Dans ses grands bras violacés par le temps et la vie, un petit rire suivit d'une petite main potelée remonta jusqu'à son cou pour venir tirer sur le col noir qui lui cachait les cicatrices entourant son visage. Il ne dit rien, ne fit rien pour arrêter le geste maladroit de son enfant qui babillait de joie. À quoi bon. Il n'y avait personne de toute façon, les familles étaient rentrées depuis quelques heures déjà et personne ne viendrait dans un parc pour enfant à cette heure pourtant pas encore si tardive. Il devait être le seul abrutit à le faire, à vingt et une heure, perdu sur un banc à attendre il ne savait trop quoi.


Dans ses bras couvant son oisillon, un petit être tenta de s'asseoir, son petit corps chancelant encore pour bien se maintenir contre les grandes mains à moitié blanche du papa au sourire tendre qu'il ne contrôlait même plus en sa présence. Une main vint prendre ses lunettes pour les mettre de côté et ses yeux d'un bleu profond rencontrèrent la bouille ronde et les orbes bleues aux pointes d'or de sa princesse qui mettait les lunettes à la bouche, comme pour voir si elles avaient bon goût, avant de les secouer en riant, bavant légèrement. D'un à-coup plus grand que les autres, elle jeta au sol son bien, comme si elle exigeait de voir les yeux de son papa qui lui embrassait le front avec tendresse, amusé de sa vivacité.


Tout en lui caressant les cheveux, un refrain lui revint. Un refrain doux, tranquille, apaisant. Un chant fait à lui-même et emplit de promesses qu'il lui faisait silencieusement chaque jour. Et là, seul avec elle dans ce parc à attendre le retour de son héros d'oiseau, il se sentit obligé de fredonner ces paroles qu'il se répétait jour après jour à cette enfant qui grandissait, à cette future petite fille espiègle.


Il rit légèrement de son propre cœur qui battait normalement depuis plus d'un an maintenant et qui s'emballait juste à la moindre mention de l'être qu'il avait dans les bras. À s'asseoir sur un banc, cinq minutes avec elle, il devenait déjà nostalgique, ses petits doigts dans sa main. Elle n'était pas grande qu'il regrettait déjà de ne pas la garder pour toujours petite.
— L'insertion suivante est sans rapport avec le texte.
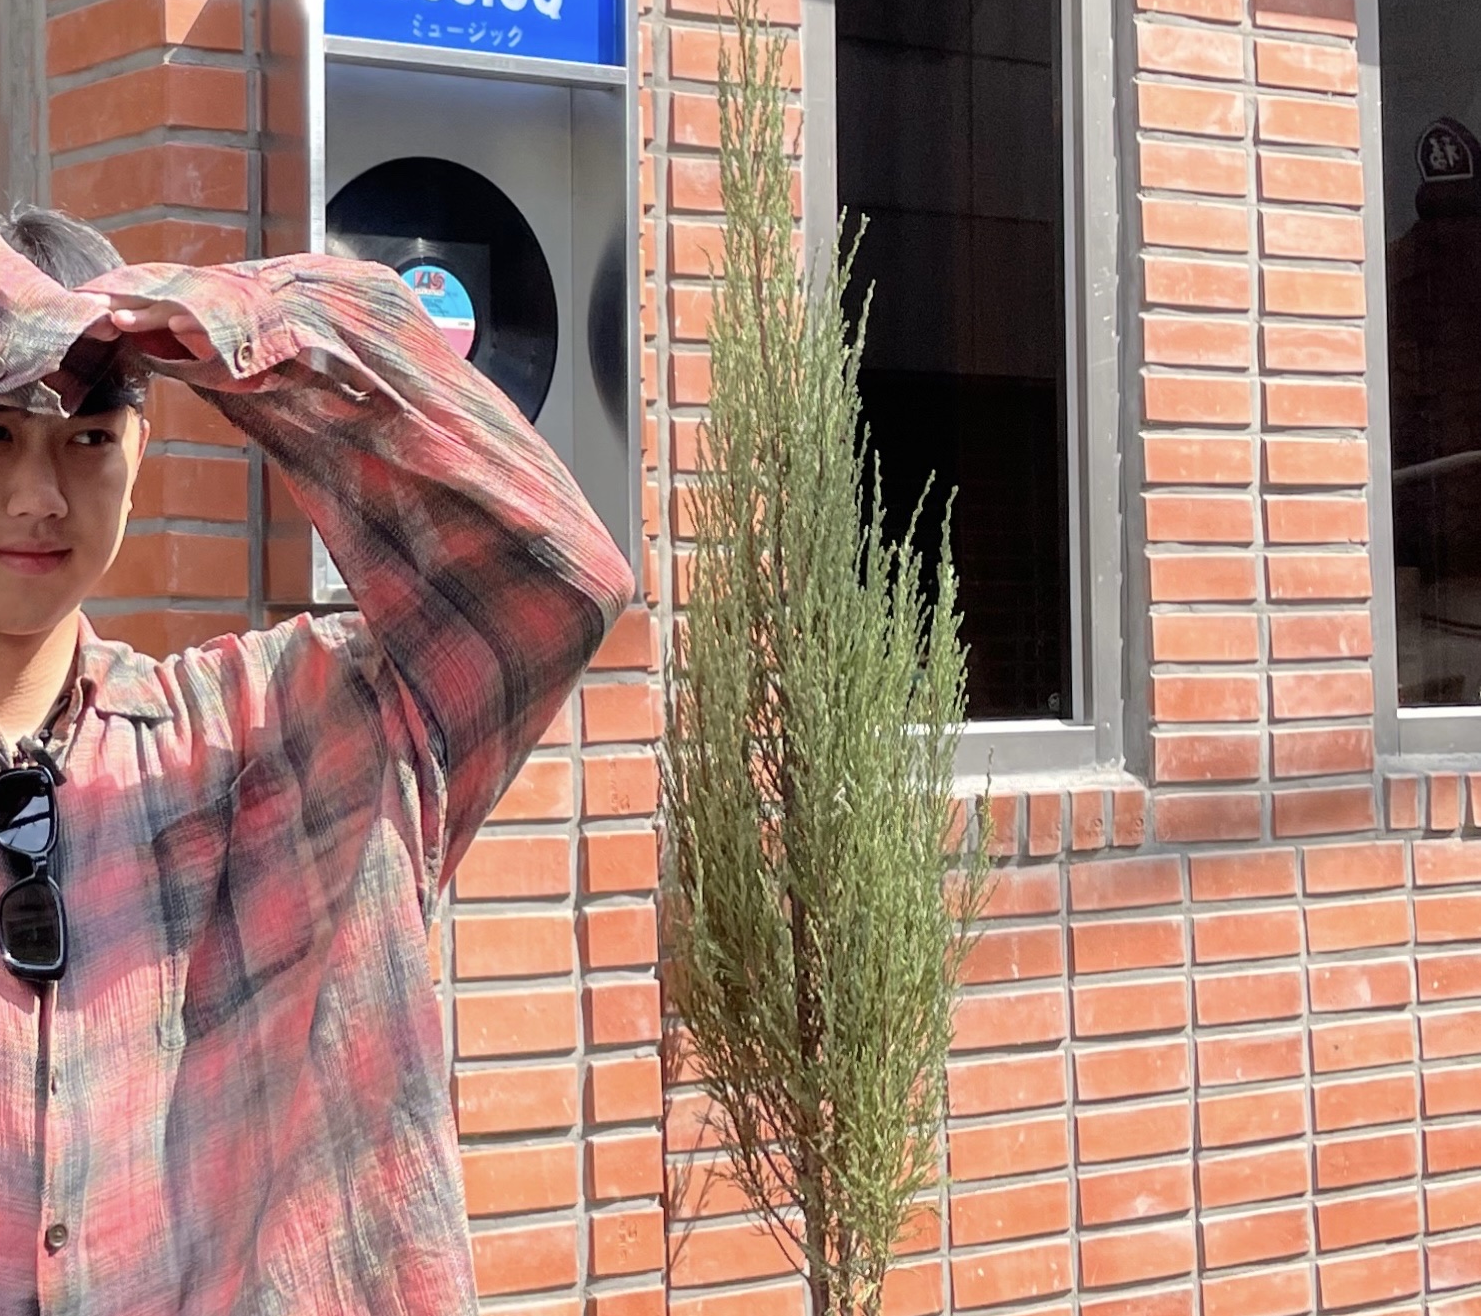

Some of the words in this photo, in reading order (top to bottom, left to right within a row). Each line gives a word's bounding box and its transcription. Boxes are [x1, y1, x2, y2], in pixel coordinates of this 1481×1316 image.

D'une voix caverneuse et pourtant si tendre à la fois, si douce, il lui parlait des premières choses qui lui venait à l'esprit, du bon temps où il était enfant avant son accident sans jamais le mentionner. Comme si elle pouvait déjà le retenir à cinq mois, il lui contait ses aventures en compagnie de Natsuo et de Fuyumi dans le grand jardin de son enfance. Un bon temps partit trop tôt qu'il pouvait espérer voir revenir dans les grandes ambres cachées comme un trésor sous l'océan de ses yeux. Et pour toute réponse à tant d'épanchement, il eut droit au rire le plus innocent et merveilleux du monde, un rire qui empoigna son cœur et le réchauffa d'un antidote à toutes ses blessures.


Un fin filet de pluie lui fit soudainement relever la tête vers le ciel et un message lui indiqua que son oiseau rentrerait bientôt. Pourtant, malgré tous ces signes, il ne voulait pas rentrer et à la moue que faisait la gosse à une goutte ayant rencontré son nez, il ne put s'empêcher de se lever pour sauter, tel un môme, dans la première flaque venue.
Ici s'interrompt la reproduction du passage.